→ Exercise brief: Set down every line from the one with "this 2212×1659 image." to the end of the entries, both ends included, exactly as it reads and without pictures.
Segment Start: Data provided
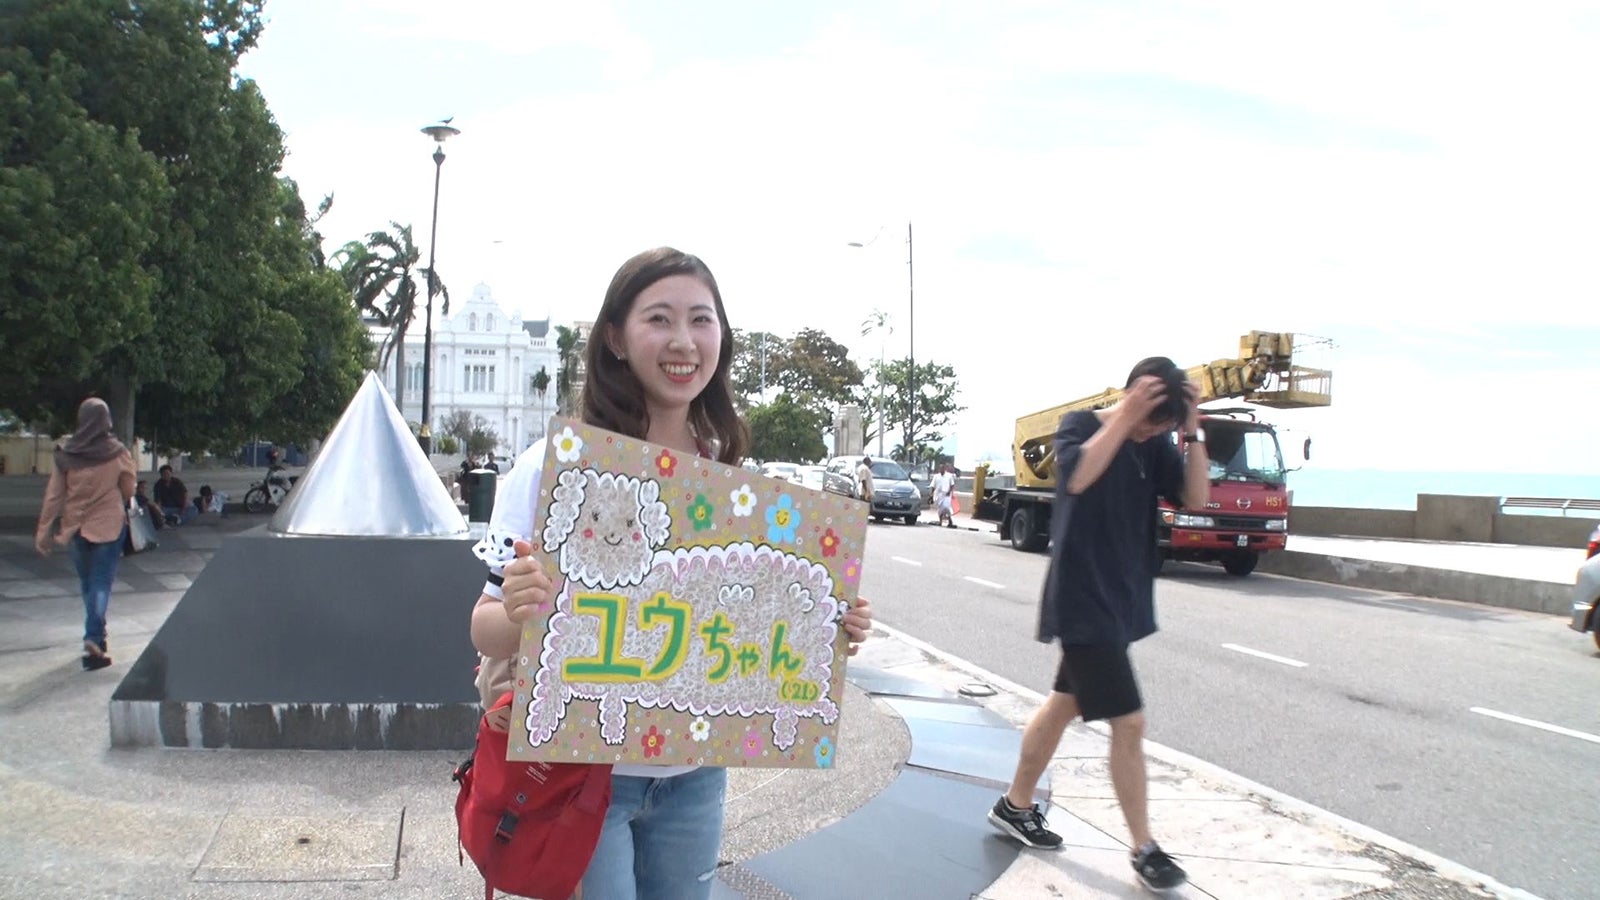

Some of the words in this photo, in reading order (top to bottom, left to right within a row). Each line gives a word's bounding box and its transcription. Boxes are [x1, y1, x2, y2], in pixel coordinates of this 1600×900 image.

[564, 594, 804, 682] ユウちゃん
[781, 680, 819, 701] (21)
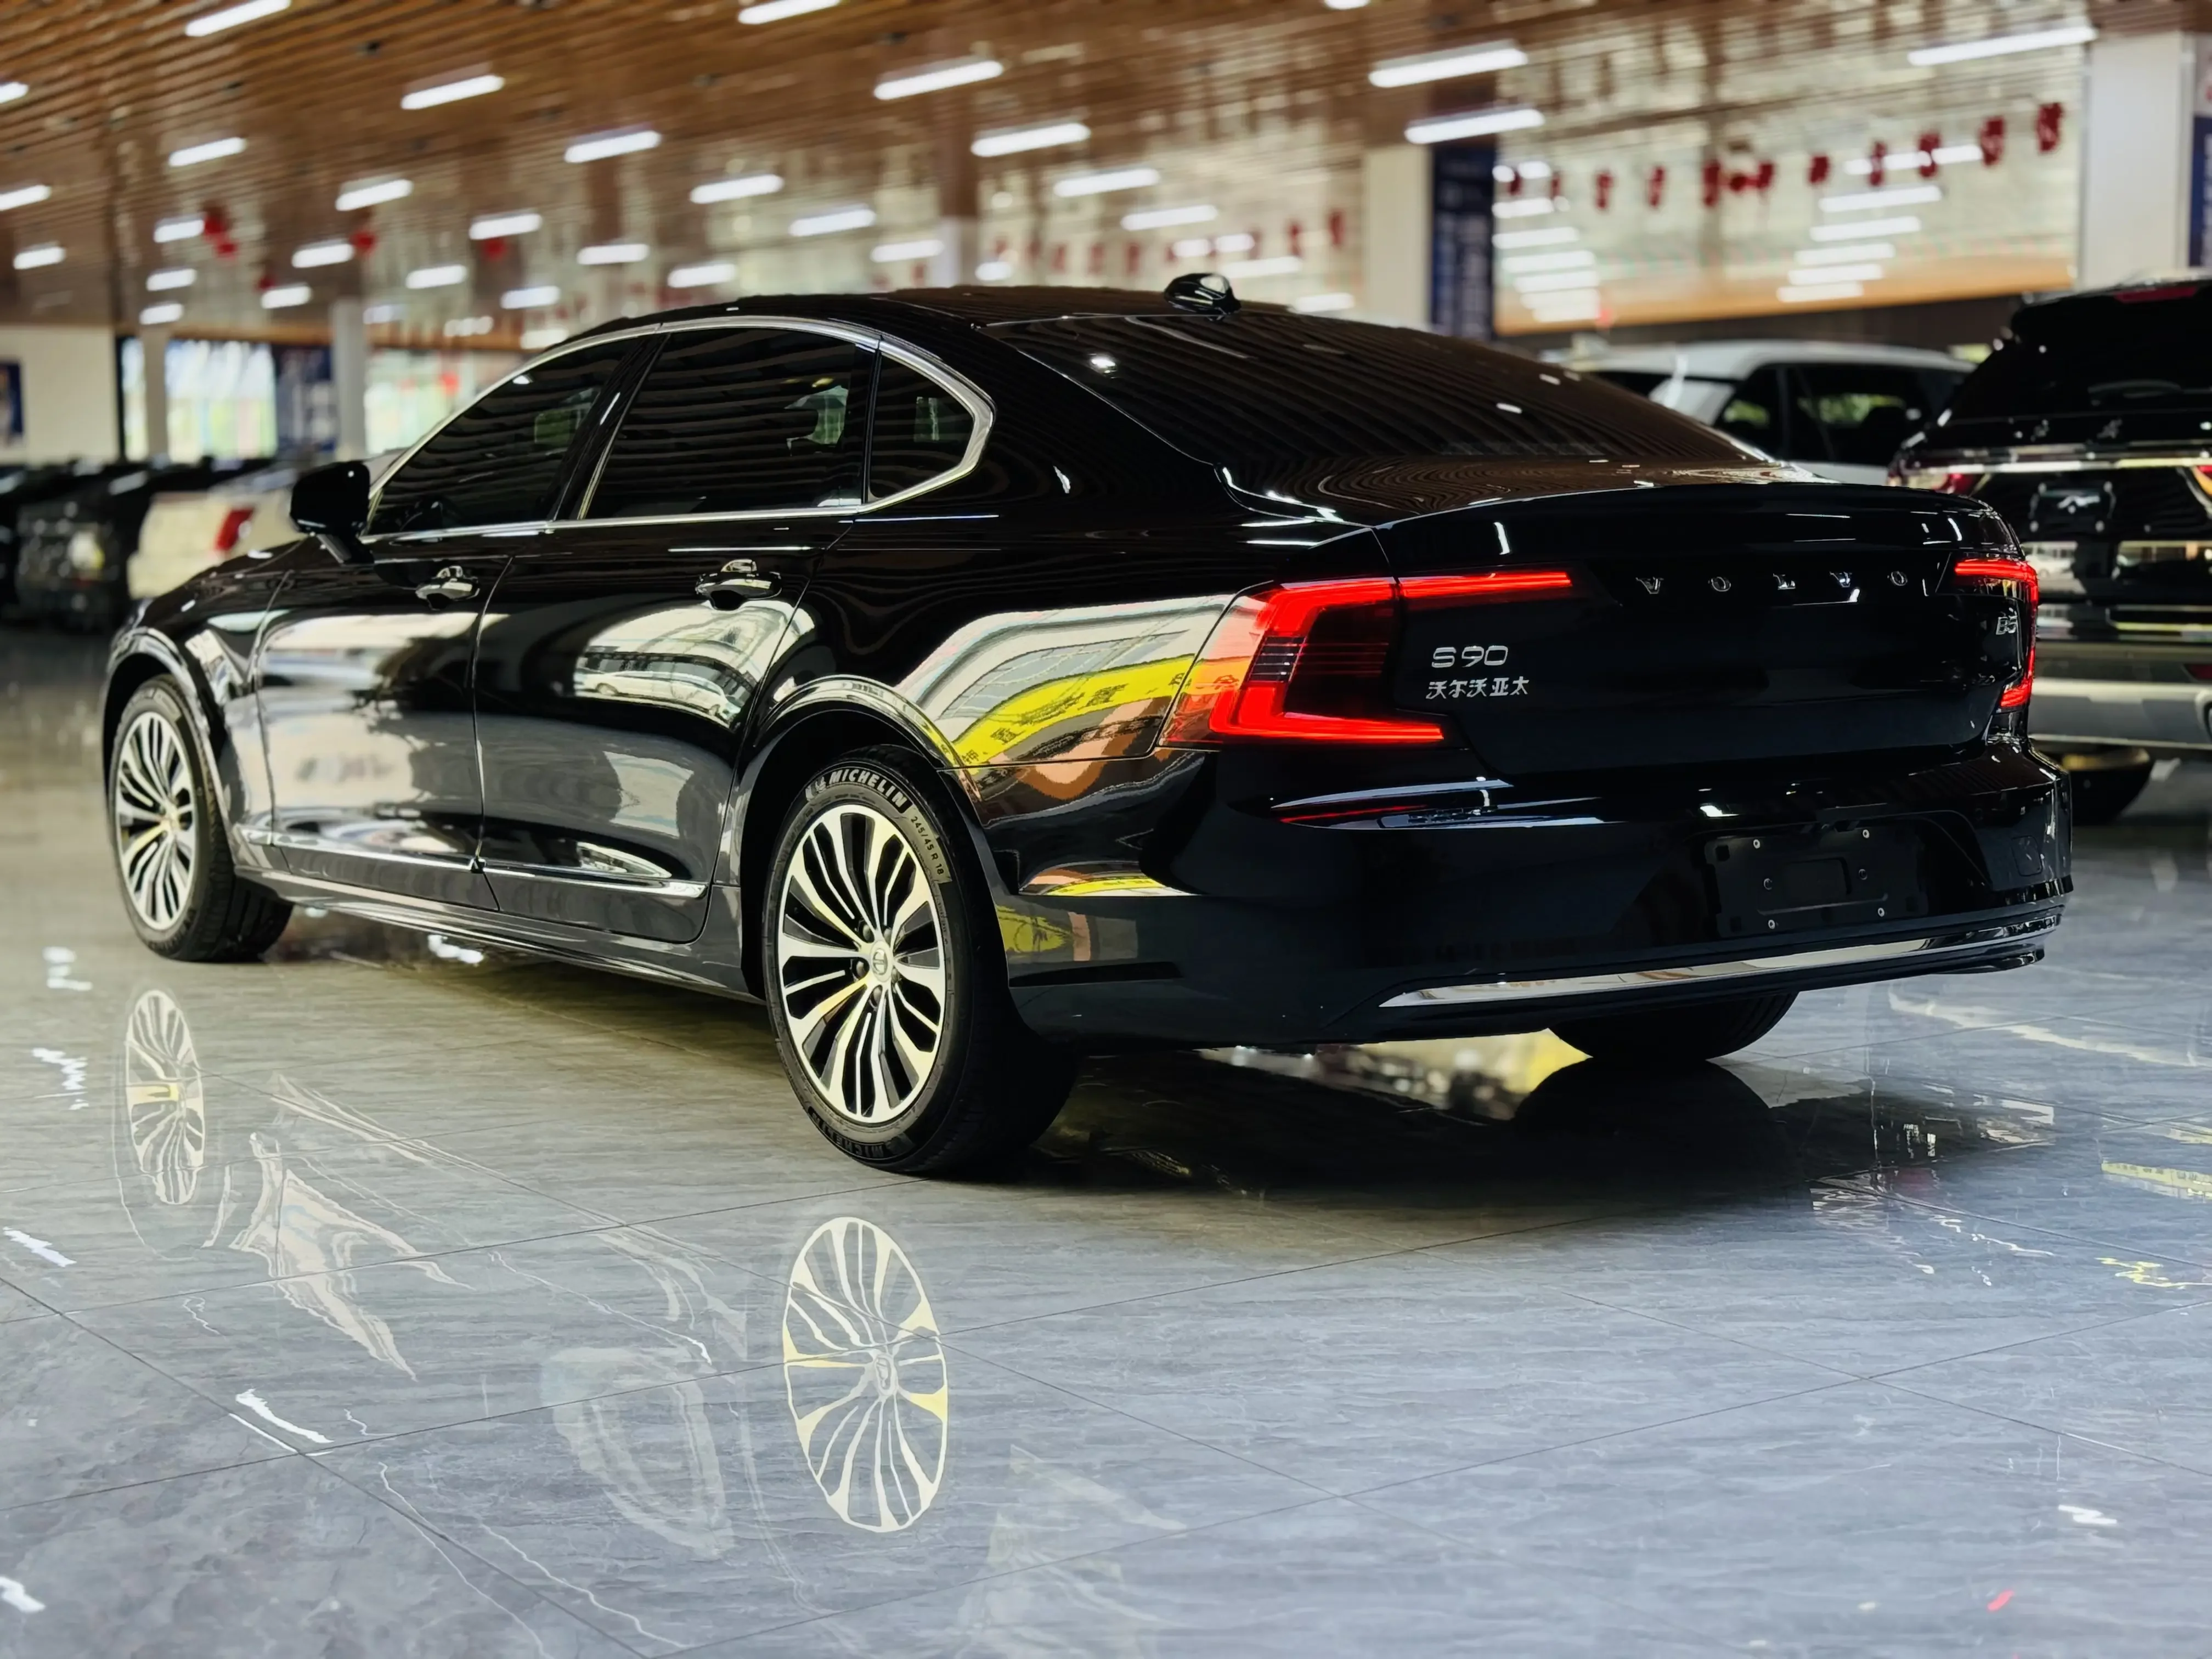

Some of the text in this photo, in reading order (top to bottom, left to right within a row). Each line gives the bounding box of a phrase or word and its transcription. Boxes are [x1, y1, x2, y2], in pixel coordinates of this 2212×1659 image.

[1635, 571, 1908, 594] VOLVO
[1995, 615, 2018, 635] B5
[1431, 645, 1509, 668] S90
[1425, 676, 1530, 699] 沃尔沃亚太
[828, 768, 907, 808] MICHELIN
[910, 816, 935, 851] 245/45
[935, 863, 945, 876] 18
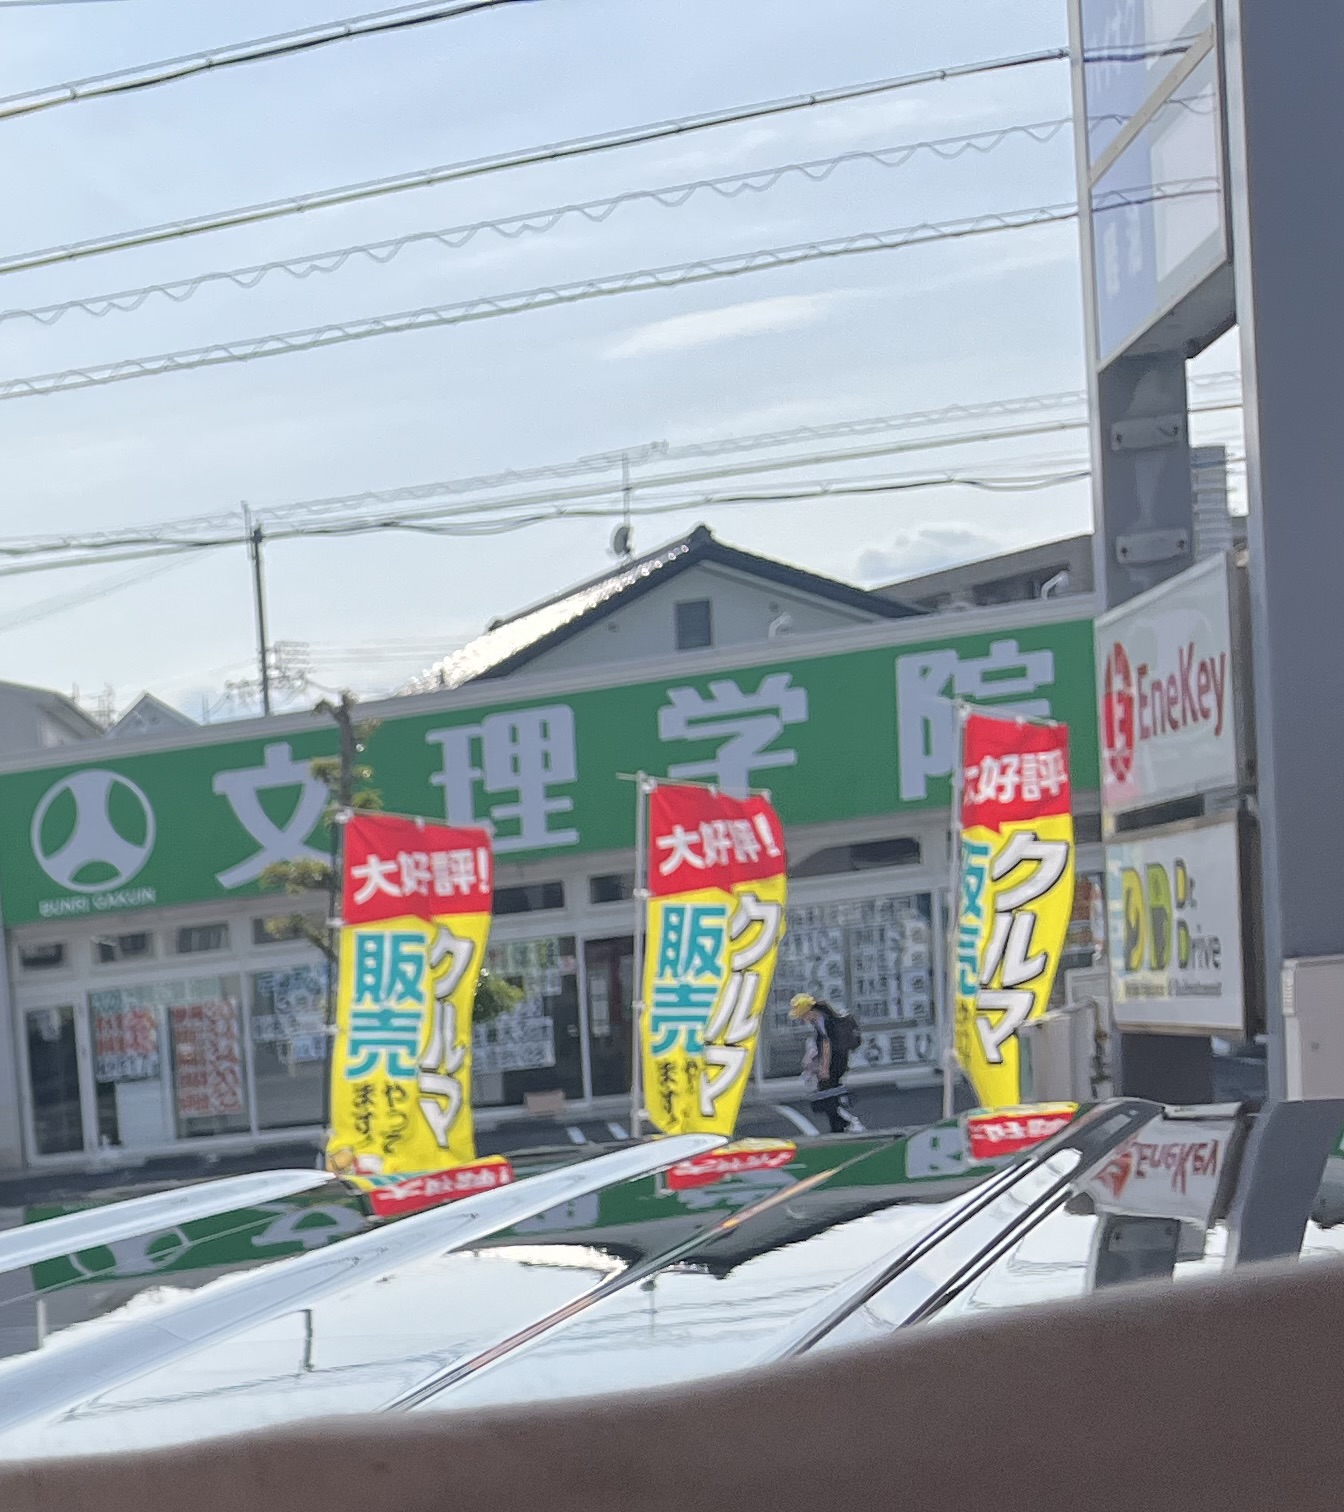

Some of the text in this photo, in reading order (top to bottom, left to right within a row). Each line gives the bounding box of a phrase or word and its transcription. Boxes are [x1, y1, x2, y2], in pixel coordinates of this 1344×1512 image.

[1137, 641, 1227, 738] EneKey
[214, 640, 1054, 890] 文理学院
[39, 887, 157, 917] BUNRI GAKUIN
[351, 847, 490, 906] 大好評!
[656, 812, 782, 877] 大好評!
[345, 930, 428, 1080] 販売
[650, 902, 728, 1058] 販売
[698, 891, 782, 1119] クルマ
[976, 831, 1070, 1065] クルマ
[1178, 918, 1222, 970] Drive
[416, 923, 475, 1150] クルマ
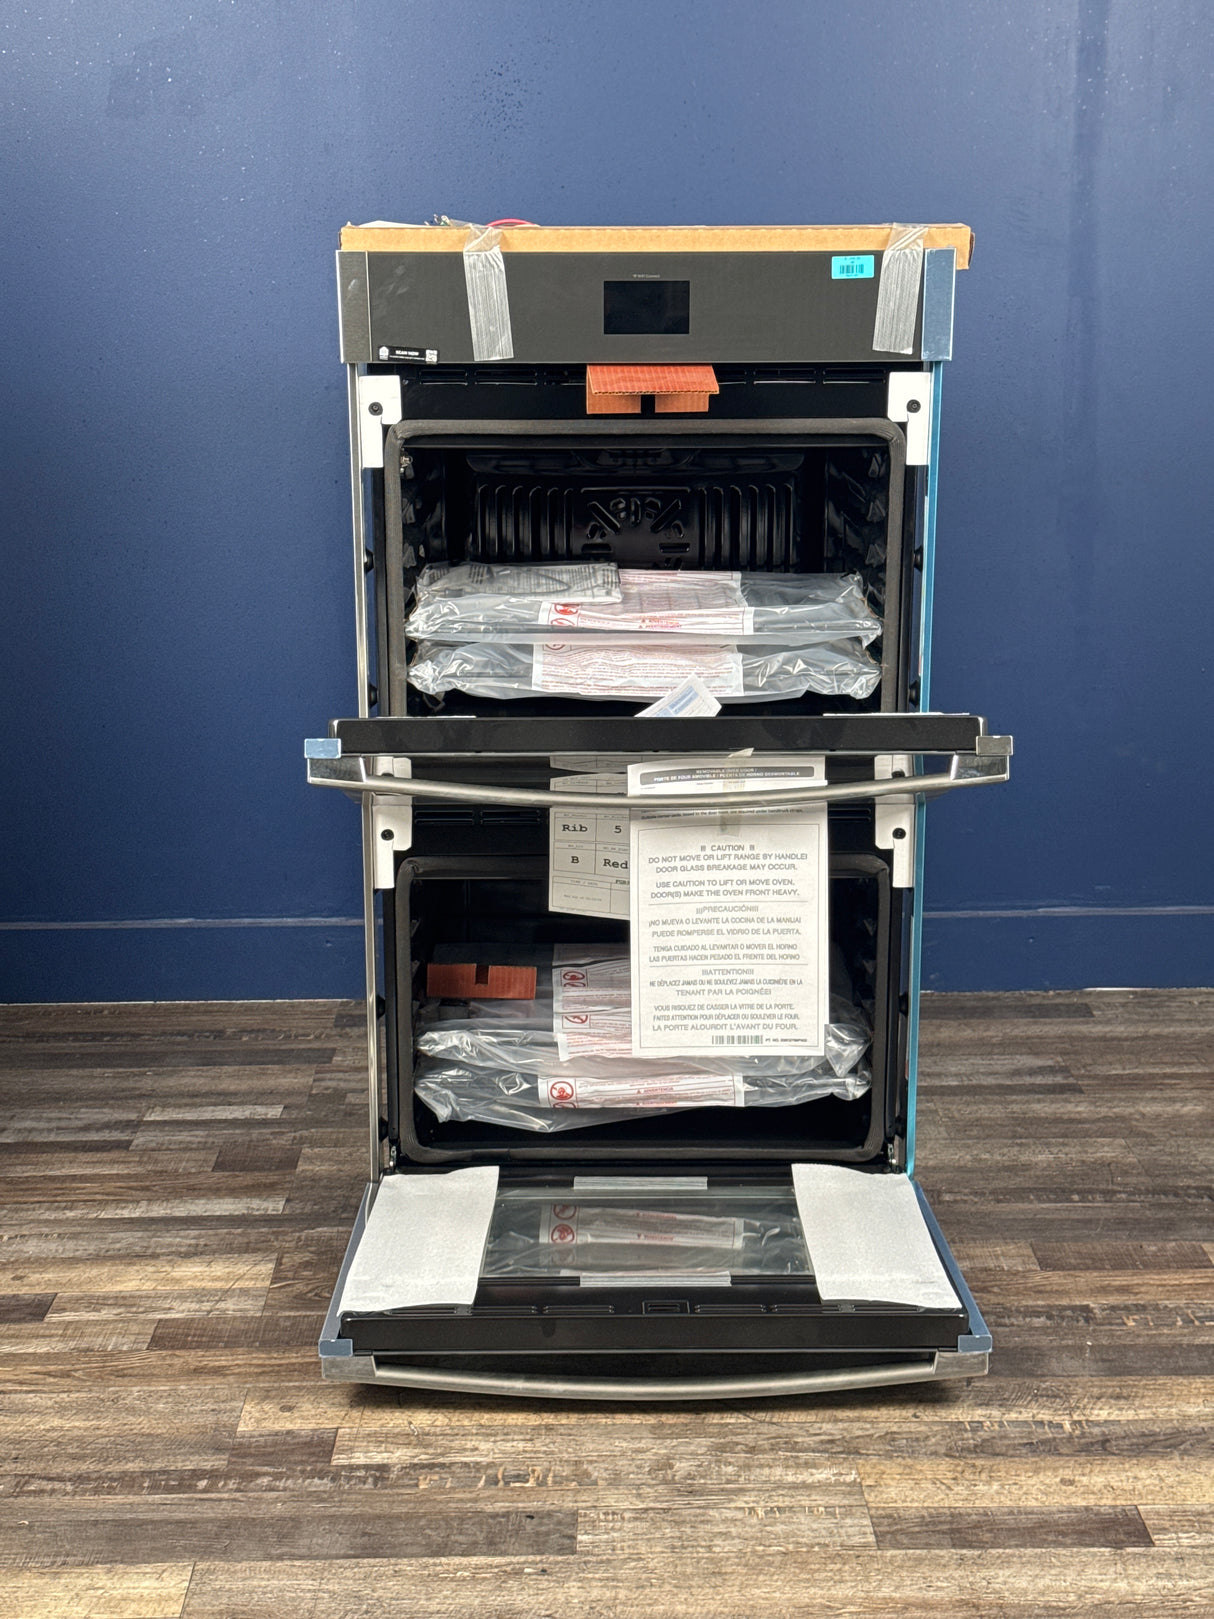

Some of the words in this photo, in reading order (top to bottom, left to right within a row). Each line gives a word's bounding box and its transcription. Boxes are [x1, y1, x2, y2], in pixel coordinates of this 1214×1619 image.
Segment End: Data provided
→ Written response:
Some of the text in this photo, in reading order (top to bottom, left to right within a row). Each line gives the bounding box of a phrase or word and its transcription. Boxes are [x1, y1, x2, y2], in pixel coordinates of this 2212×1659 image.

[1635, 571, 1908, 594] VOLVO
[1995, 615, 2018, 635] B5
[1431, 645, 1509, 668] S90
[1425, 676, 1530, 699] 沃尔沃亚太
[828, 768, 907, 808] MICHELIN
[910, 816, 935, 851] 245/45
[935, 863, 945, 876] 18

Some of the text in this photo, in reading order (top to bottom, left to right within a row). Each line gives the bounding box of a phrase or word and its transcription. Boxes are [x1, y1, x2, y2], in pixel coordinates of this 1344×1512 image.

[1137, 641, 1227, 738] EneKey
[214, 640, 1054, 890] 文理学院
[39, 887, 157, 917] BUNRI GAKUIN
[351, 847, 490, 906] 大好評!
[656, 812, 782, 877] 大好評!
[345, 930, 428, 1080] 販売
[650, 902, 728, 1058] 販売
[698, 891, 782, 1119] クルマ
[976, 831, 1070, 1065] クルマ
[1178, 918, 1222, 970] Drive
[416, 923, 475, 1150] クルマ

Some of the words in this photo, in reading order (top to bottom, left to right within a row). Each line gives a word's bounding box and its transcription. Boxes are [x1, y1, x2, y2], in pixel coordinates of this 1214×1619 image.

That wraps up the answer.